What you should do →
Without the pictures, write the listing below out again, line for line.

[Material supplied — start]

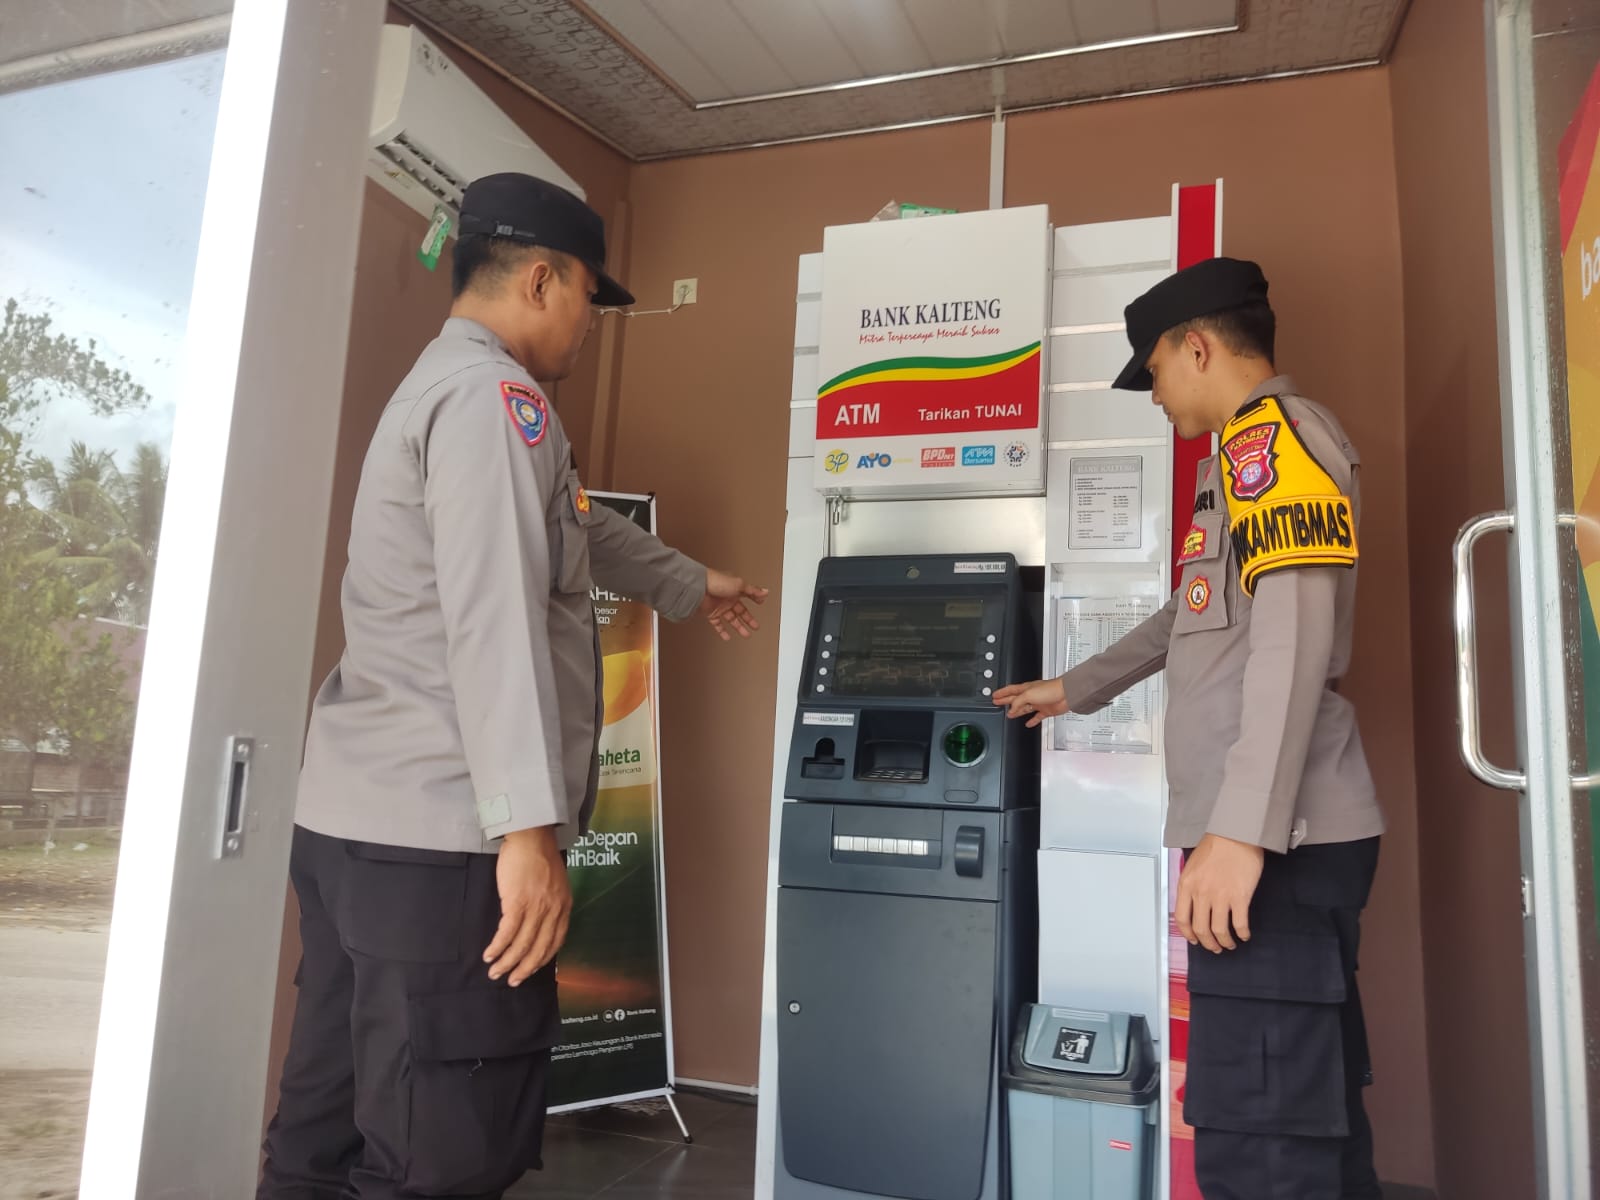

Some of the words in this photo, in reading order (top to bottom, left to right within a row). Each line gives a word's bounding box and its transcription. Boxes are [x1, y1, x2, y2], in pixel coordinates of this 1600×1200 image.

[860, 306, 910, 329] BANK
[915, 298, 1001, 325] KALTENG
[859, 333, 885, 344] Mitra
[971, 324, 1000, 337] Sukses
[834, 403, 880, 426] ATM
[918, 408, 970, 421] Tarikan
[975, 403, 1022, 418] TUNAI
[1229, 429, 1270, 450] POLRES

[Material supplied — finish]

Output for this exercise →
Some of the words in this photo, in reading order (top to bottom, left to right within a row). Each line gives a word's bounding box and its transcription. Boxes are [x1, y1, x2, y2], in pixel coordinates of this 1600×1200 image.

[860, 306, 910, 329] BANK
[915, 298, 1001, 325] KALTENG
[859, 333, 885, 344] Mitra
[971, 324, 1000, 337] Sukses
[834, 403, 880, 426] ATM
[918, 408, 970, 421] Tarikan
[975, 403, 1022, 418] TUNAI
[1229, 429, 1270, 450] POLRES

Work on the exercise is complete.